■ Exercise
Beginning with the first entry, restate the data word for word and leave out the images.

■ Data for the task
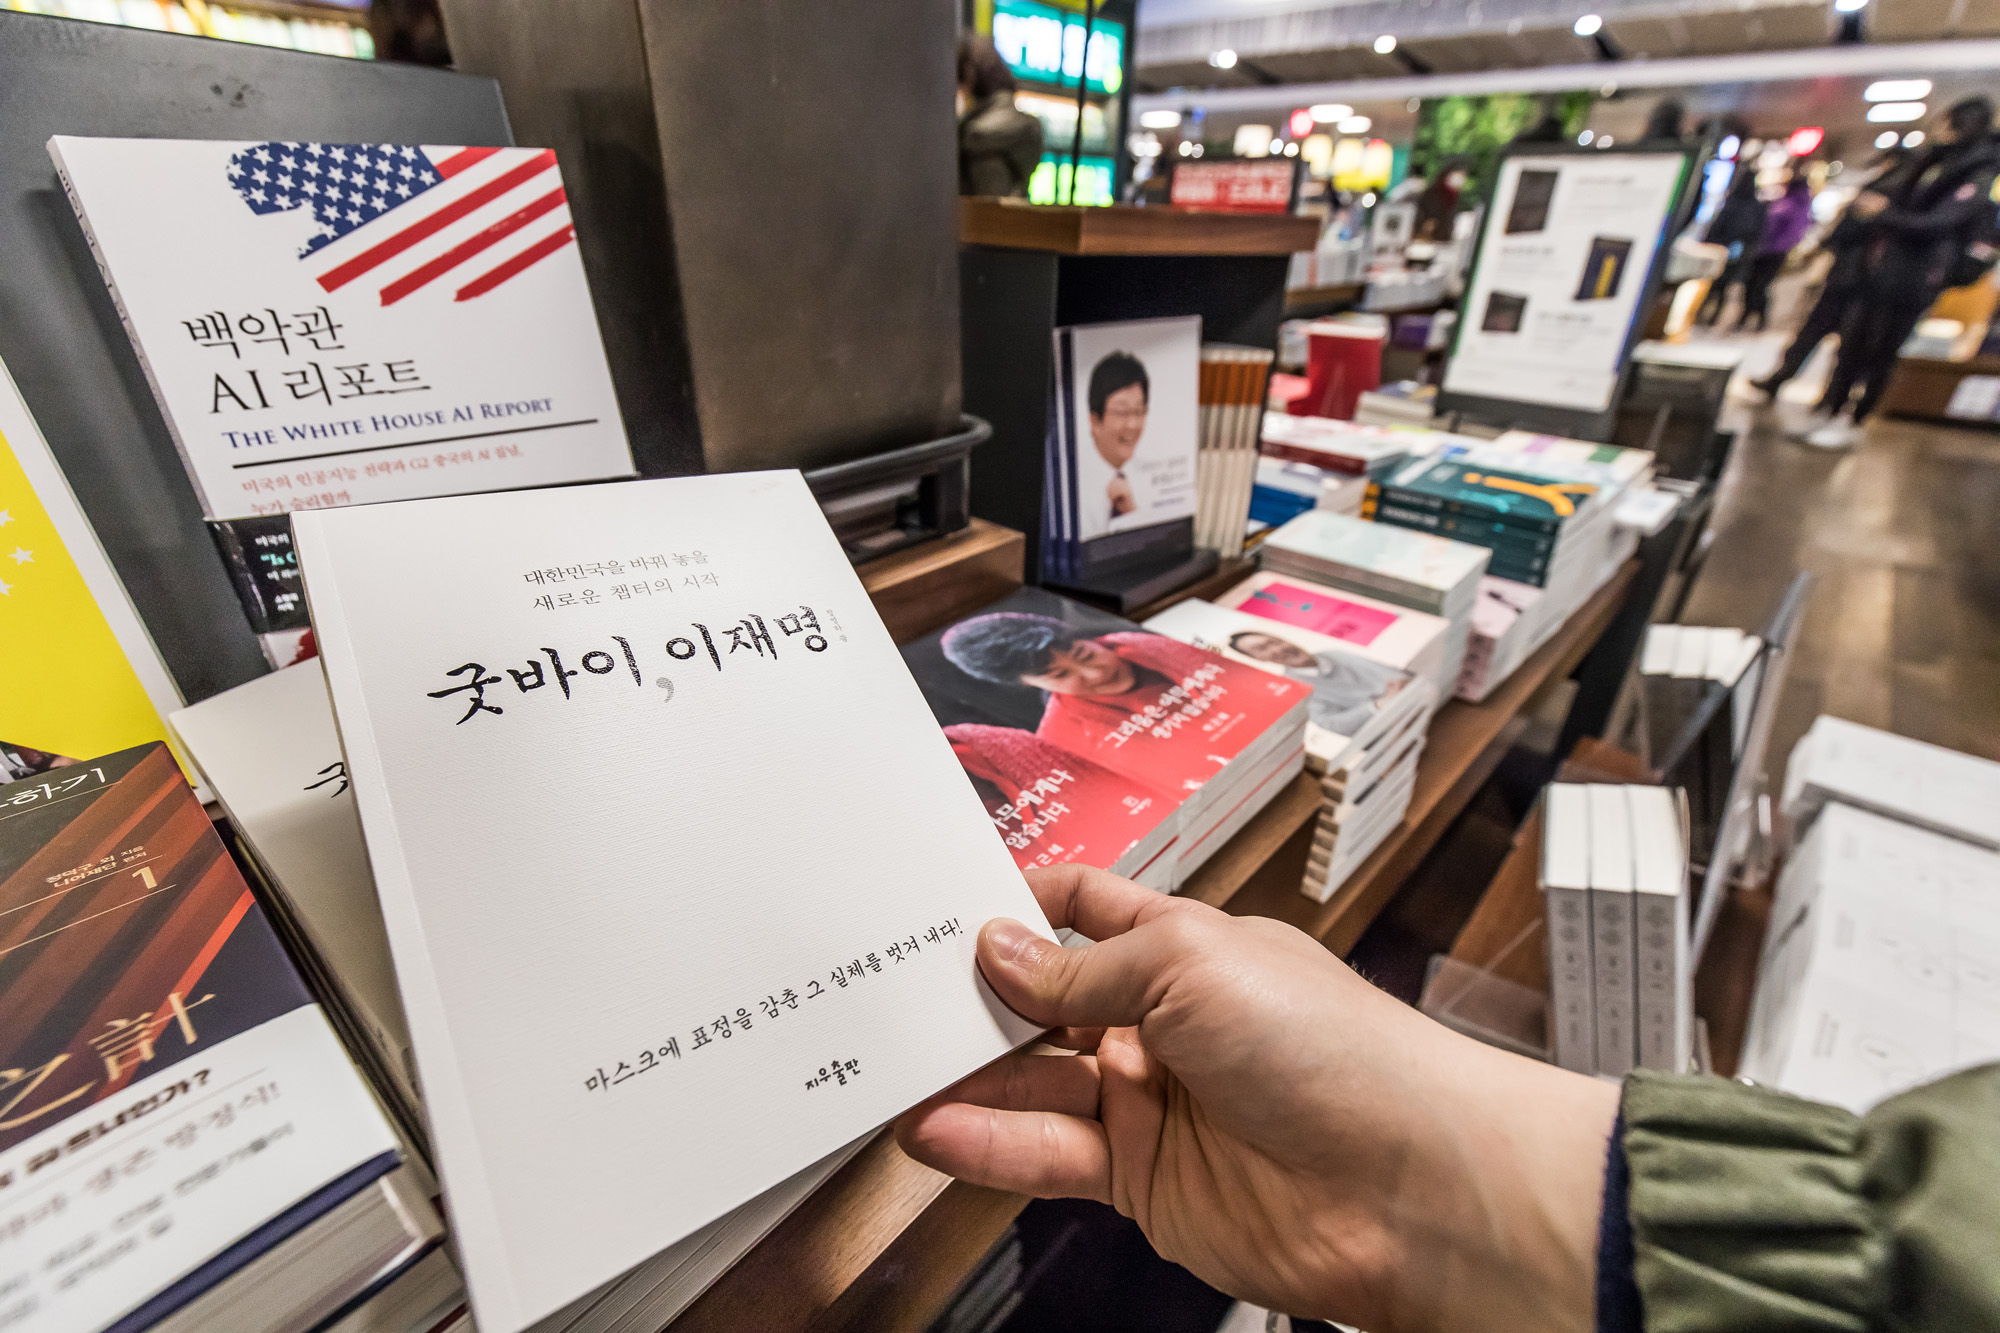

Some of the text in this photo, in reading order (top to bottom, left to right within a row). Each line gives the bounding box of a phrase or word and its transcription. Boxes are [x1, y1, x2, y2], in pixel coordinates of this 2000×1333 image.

[181, 305, 346, 360] 백악관
[208, 359, 432, 415] AI 리포트
[222, 397, 554, 449] THE WHITE HOUSE AI REPORT
[241, 474, 292, 494] 미국의
[295, 466, 358, 488] 인공지능
[409, 456, 430, 470] G2
[433, 449, 474, 467] 중국의
[523, 549, 710, 587] 대한민국을 바꿔 놓을
[533, 571, 720, 612] 새로운 챕터의 시작
[665, 605, 829, 672] 이재명
[0, 767, 106, 808] 하기
[53, 861, 118, 888] 니어재단
[131, 866, 158, 890] 1
[583, 917, 964, 1093] 마스크에 표정을 감춘 그 실체를 벗겨 내다!
[803, 1057, 862, 1091] 지우출판
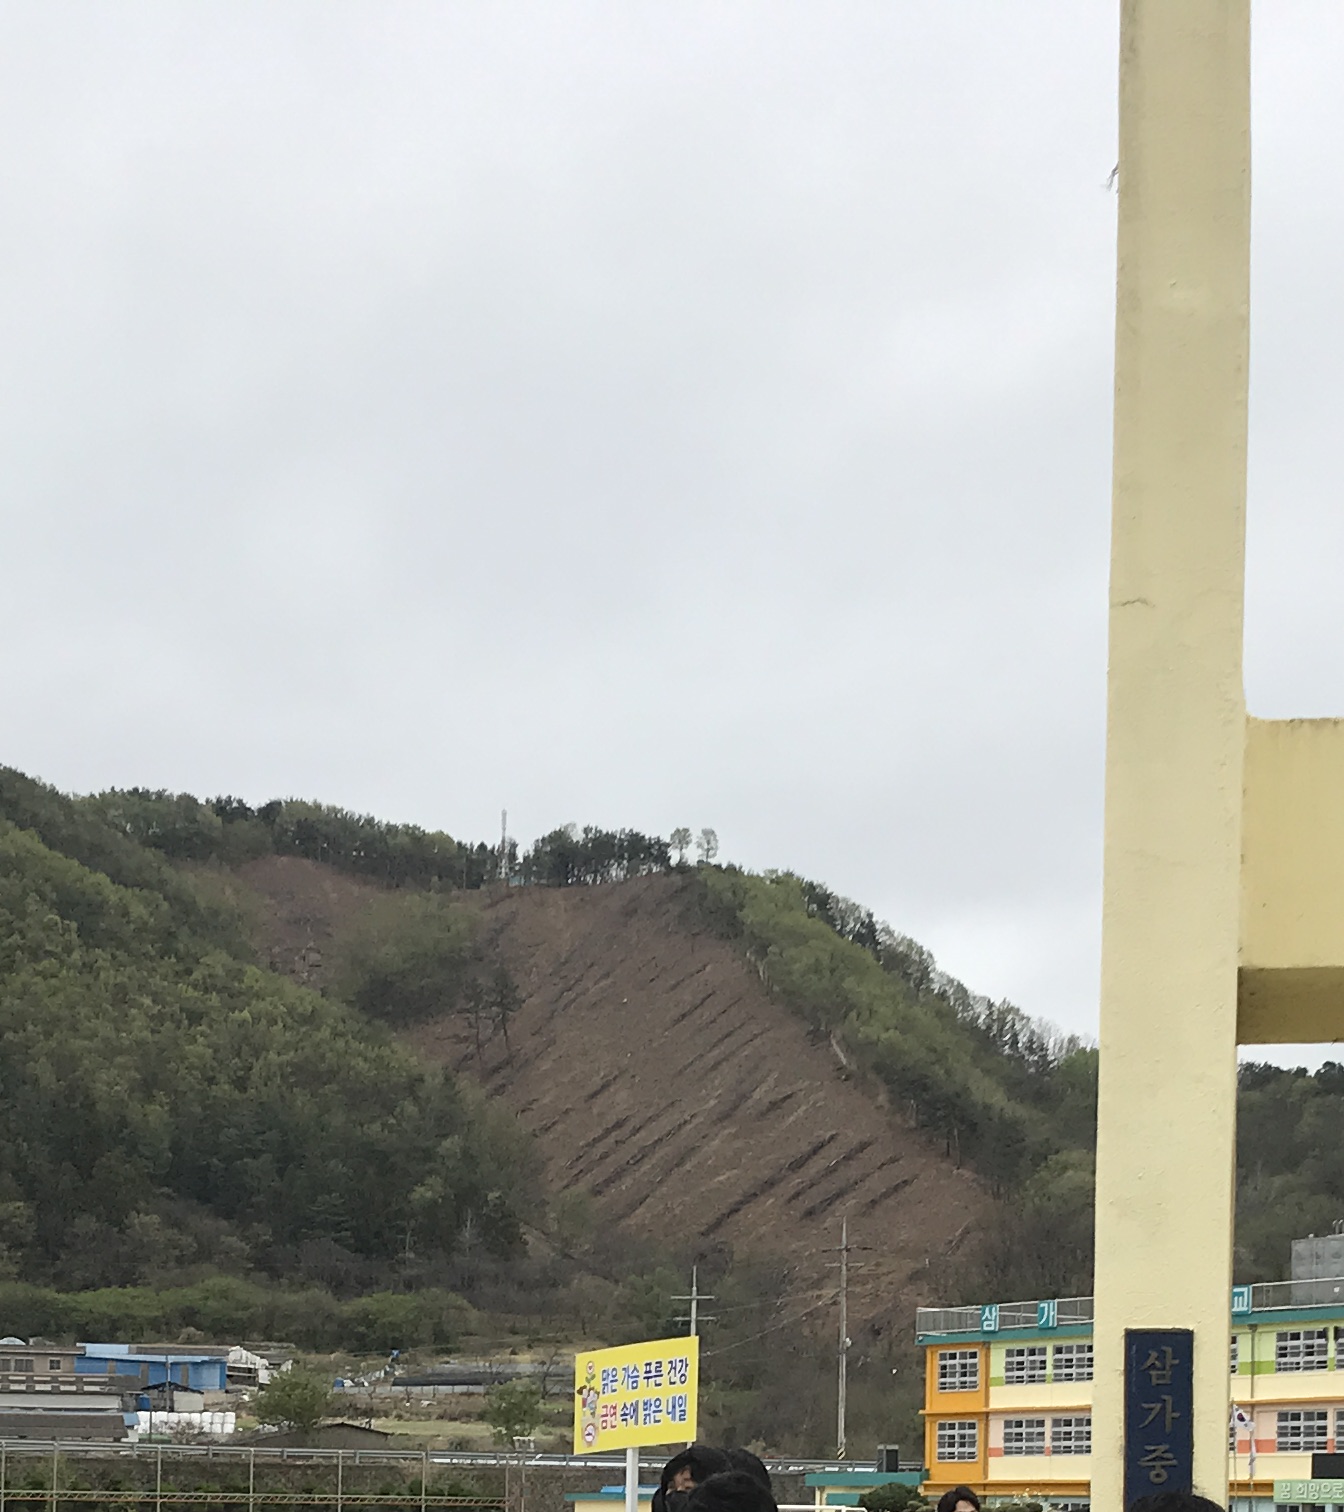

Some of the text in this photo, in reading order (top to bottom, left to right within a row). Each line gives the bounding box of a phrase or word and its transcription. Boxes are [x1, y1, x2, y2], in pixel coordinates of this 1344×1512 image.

[601, 1357, 689, 1395] 맑은 가슴 푸른 건강
[601, 1394, 687, 1430] 금연 속에 밝은 내일
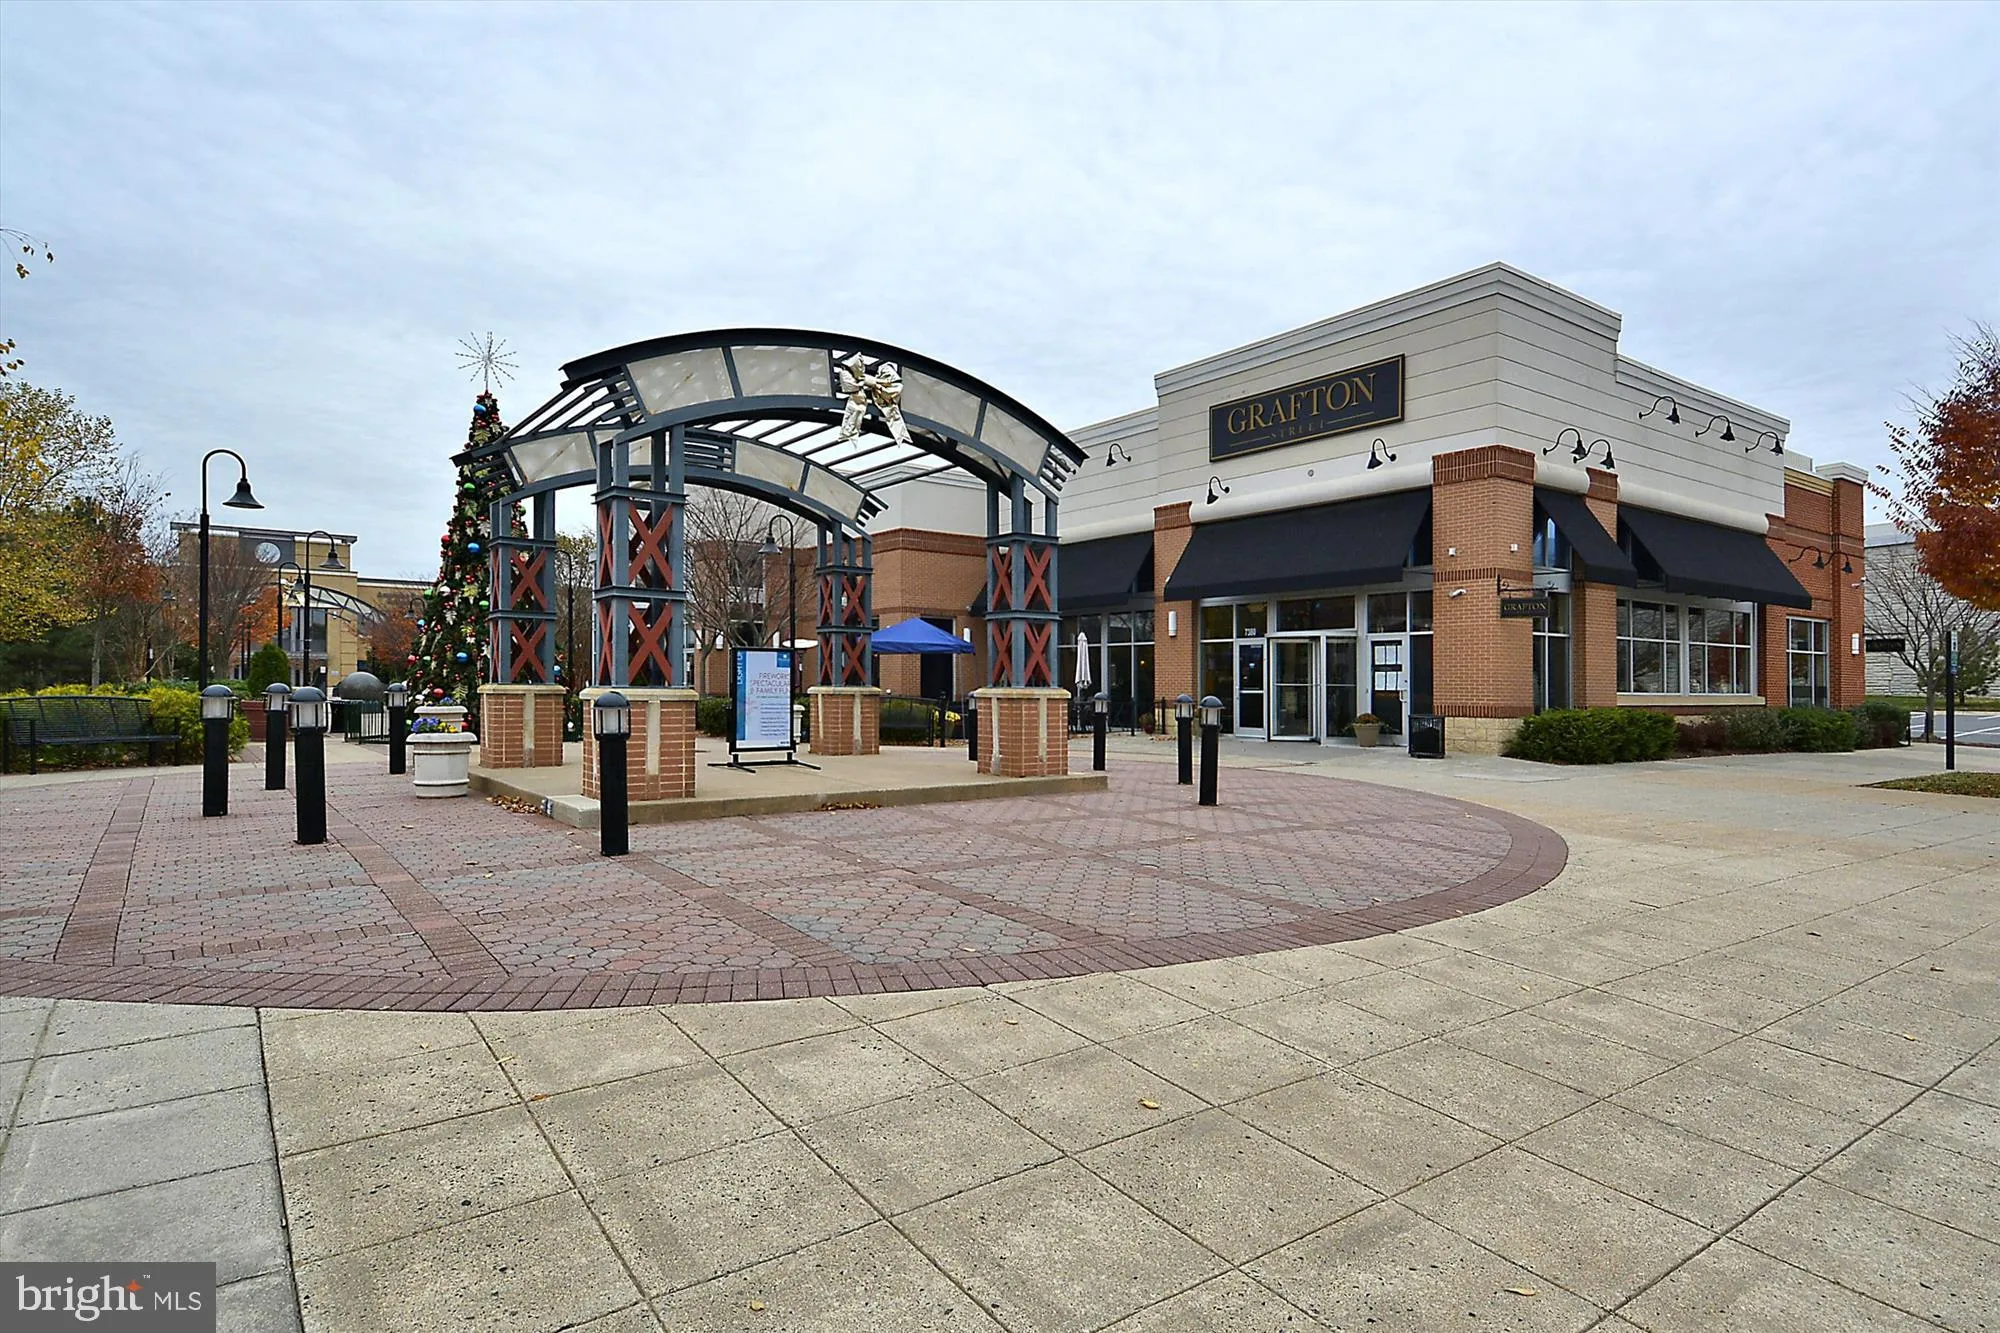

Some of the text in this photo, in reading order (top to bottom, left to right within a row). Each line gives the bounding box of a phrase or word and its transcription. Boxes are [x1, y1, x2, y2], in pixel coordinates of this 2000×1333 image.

■ Completed exercise
Some of the text in this photo, in reading order (top to bottom, left to right within a row). Each line gives the bounding box of a phrase or word and its transcription. Boxes are [x1, y1, x2, y2], in pixel coordinates of this 2000×1333 image.

[181, 305, 346, 360] 백악관
[208, 359, 432, 415] AI 리포트
[222, 397, 554, 449] THE WHITE HOUSE AI REPORT
[241, 474, 292, 494] 미국의
[295, 466, 358, 488] 인공지능
[409, 456, 430, 470] G2
[433, 449, 474, 467] 중국의
[523, 549, 710, 587] 대한민국을 바꿔 놓을
[533, 571, 720, 612] 새로운 챕터의 시작
[665, 605, 829, 672] 이재명
[0, 767, 106, 808] 하기
[53, 861, 118, 888] 니어재단
[131, 866, 158, 890] 1
[583, 917, 964, 1093] 마스크에 표정을 감춘 그 실체를 벗겨 내다!
[803, 1057, 862, 1091] 지우출판

Some of the text in this photo, in reading order (top to bottom, left to right within a row). Each line gives the bounding box of a phrase or word and its transcription. Boxes are [x1, y1, x2, y2], in pixel coordinates of this 1344×1512 image.

[601, 1357, 689, 1395] 맑은 가슴 푸른 건강
[601, 1394, 687, 1430] 금연 속에 밝은 내일

Some of the text in this photo, in reading order (top to bottom, left to right within a row). Each line gives the bounding box of a phrase or word and its transcription. Boxes are [x1, y1, x2, y2], in pixel coordinates of this 2000×1333 image.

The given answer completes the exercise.